See here for some relevant definitions and this related SE question. The relation between ${\mathrm{PA}}$ and ${\mathrm{ZFC}}$ is subtle but e.g. from reading the answer on the mentioned questions, one would think ${\mathrm{PA}}$ got us covered for any given Turing machine w.r.t. $\sigma_1$. So I'm trying to understand where a loophole is that Weaver points out. To clarify, I'm not interested in an inconsistent ${\mathrm{PA}}$ situation or an inconsistent ${\mathrm{ZFC}}$ situation, but I won't presume any soundness properties of the systems. And for the question, I'm also only interested in machines that could (edit: assuming we could wait arbitrary long and provide the memory capacity) be put on the quest to search for a natural and fail to ever halt - despite ${\mathrm{ZFC}}$ claims.
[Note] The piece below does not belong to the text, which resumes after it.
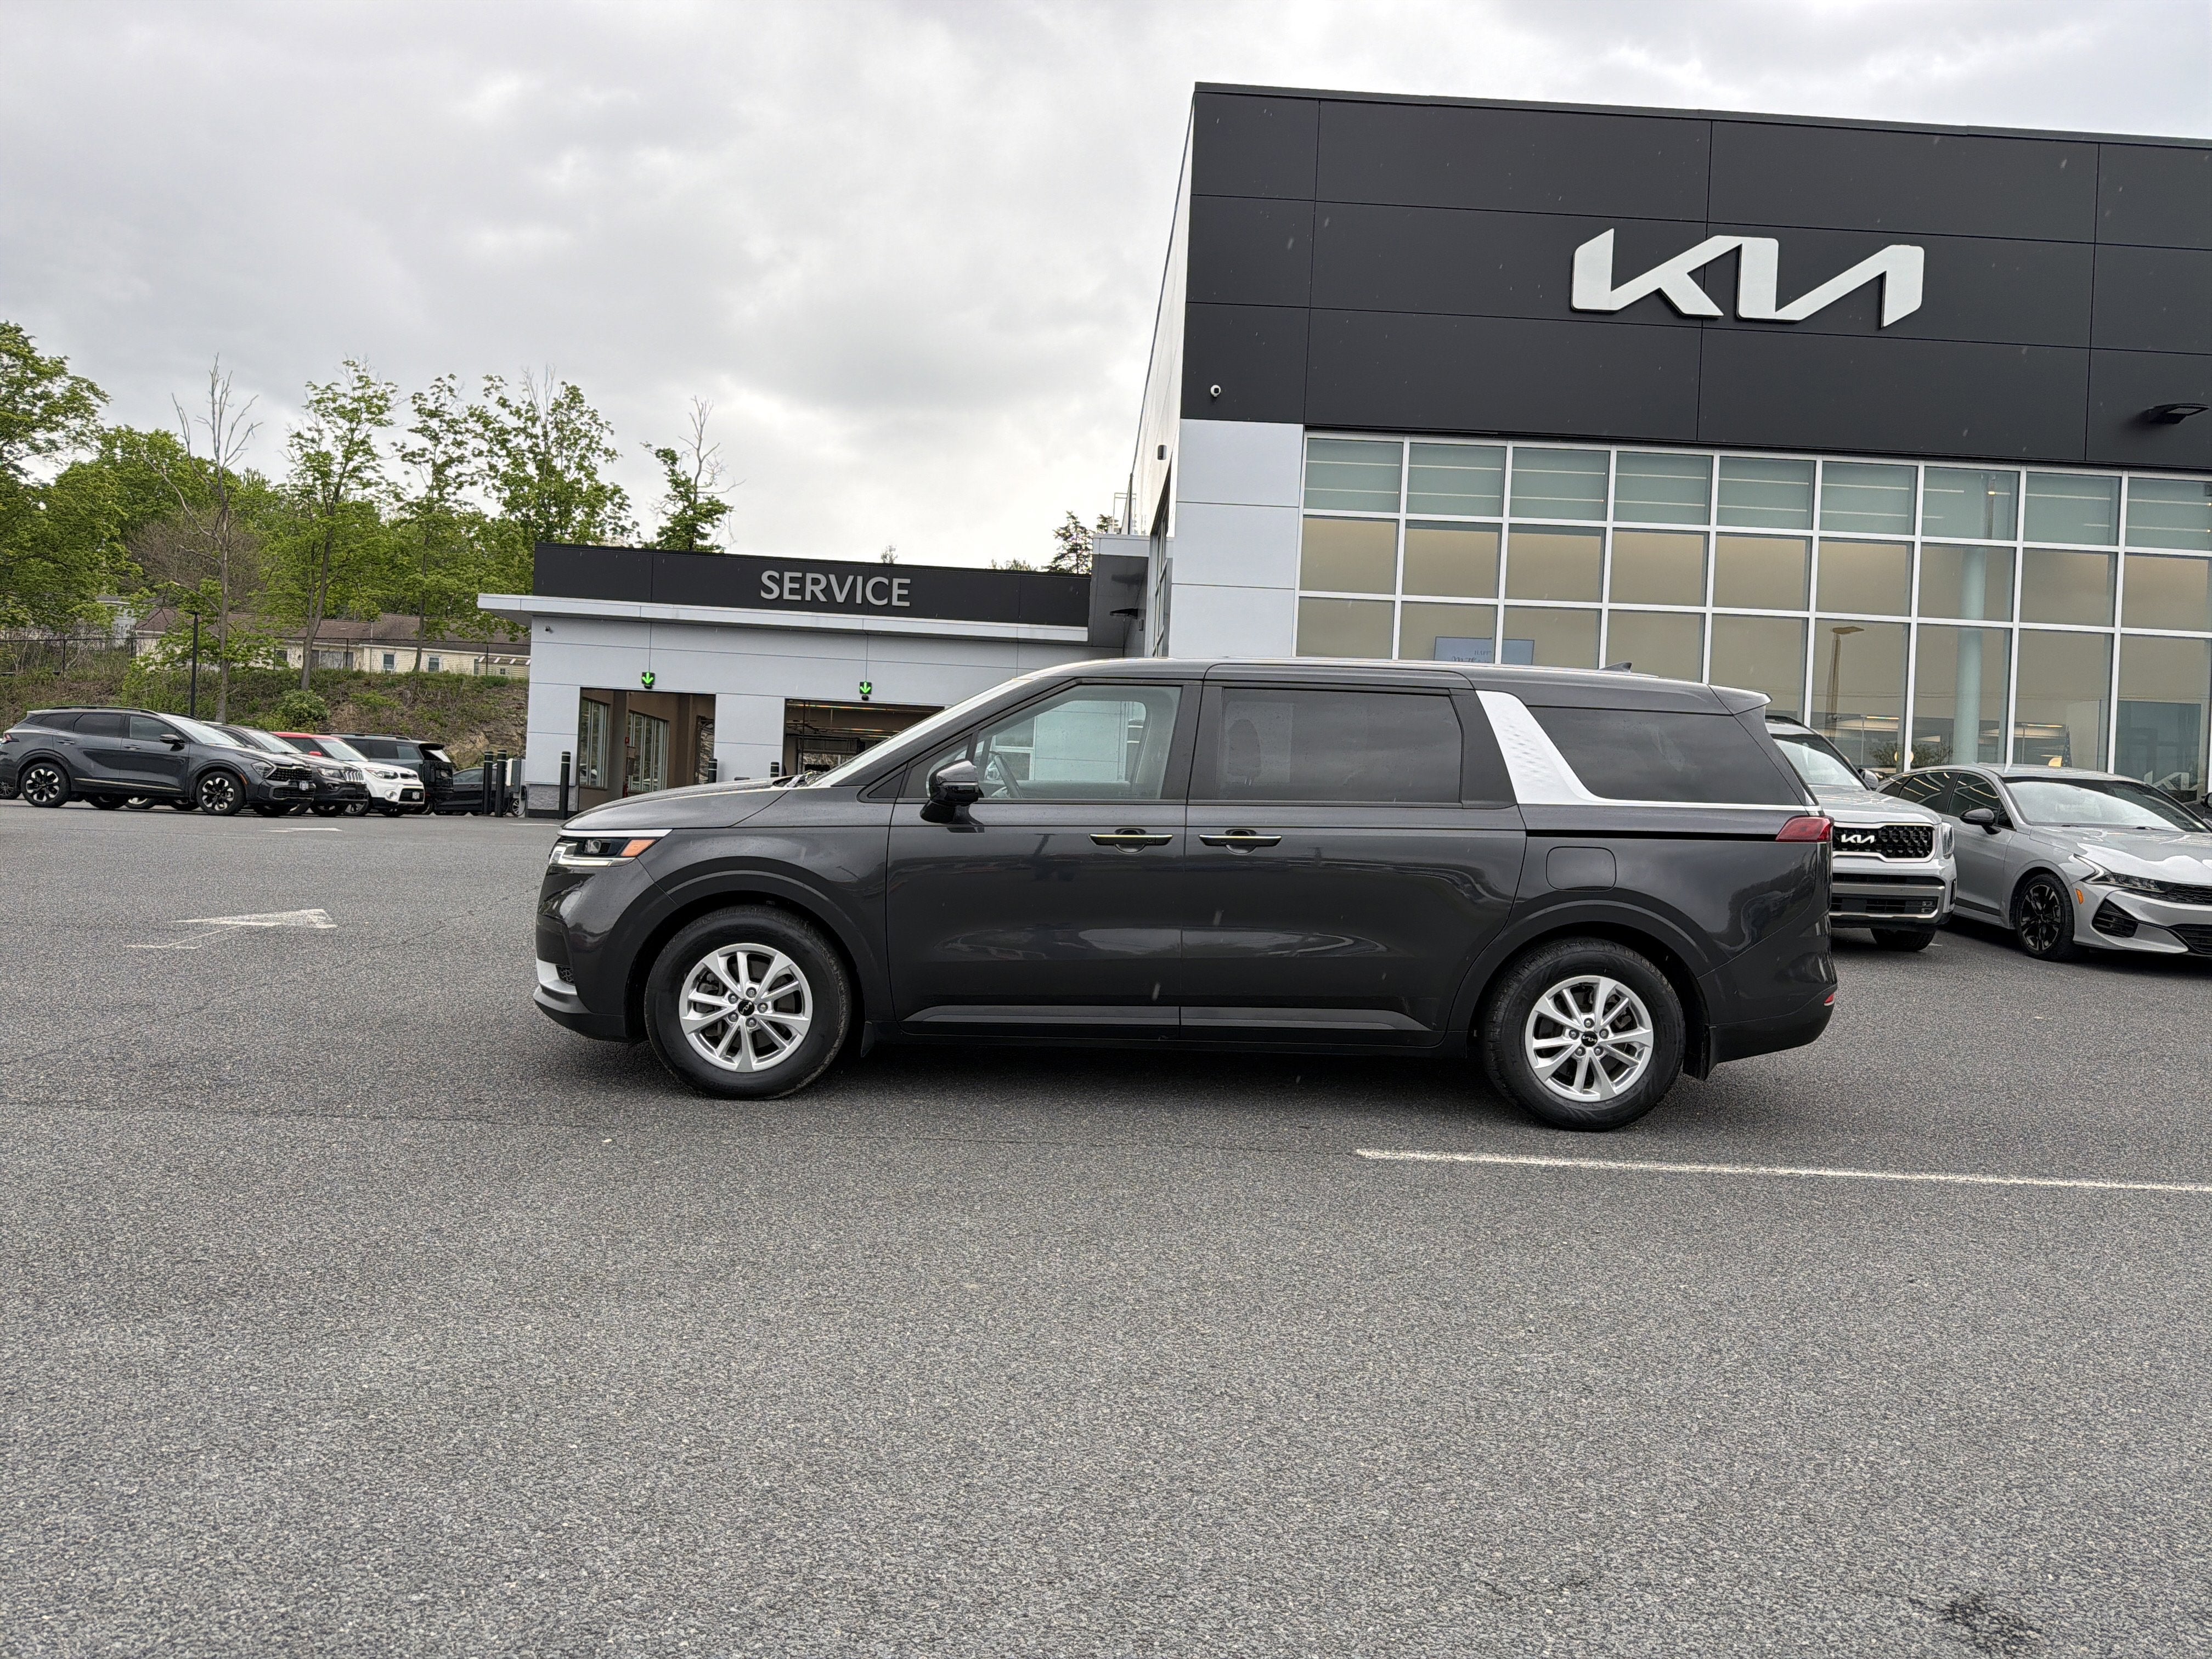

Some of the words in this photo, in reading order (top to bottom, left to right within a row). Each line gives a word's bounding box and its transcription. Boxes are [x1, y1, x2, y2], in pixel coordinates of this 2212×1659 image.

[1571, 228, 1925, 328] KIA
[760, 570, 911, 607] SERVICE
[1841, 833, 1875, 844] KIA
I know that there are conservativity results of ${\mathrm{PA}}$ over ${\mathrm{HA}}$ on, I think, that level of the hierarchy, and similarly with second order-${\mathrm{PA}}$ v. second order-${\mathrm{HA}}$, as well as ${\mathrm{ZF}}$ over ${\mathrm{IZF}}$. I.e. we know that for $\exists n.(f(n)=0)$-statements of ${\mathrm{HA}}$, won't see anything new in ${\mathrm{PA}}$ (${\mathrm{PA}}$ can't fail the world of HA on that level, so to speak). But do we know anything more about ${\mathrm{ZFC}}$ speaking about PA statements? I'm not sure if results I just listed do in fact clarify the $\Sigma_1$-validity issue on their own. Further (since I read someone bring it up in this context) I wonder whether or how ${\mathrm{ZF}}$ models of itself or of ${\mathrm{PA}}$ could clarify what's possible and what's inconsistent. Is this issue discussed somewhere on that level of the hierarchy, where validity issues in connection with "the real world" would still be "hands on" in this sense (i.e. not stuff about Turing jumps somewhere removed from recursive machines)? Assuming ${\mathrm{PA}}$ is right about the world, can ${\mathrm{ZFC}}$ be wrong about the world in this "wrong promise/wait forever" kind of way? I do understand that "wrong promise" might be orthogonal to a hard "wrong" notion in proof theory.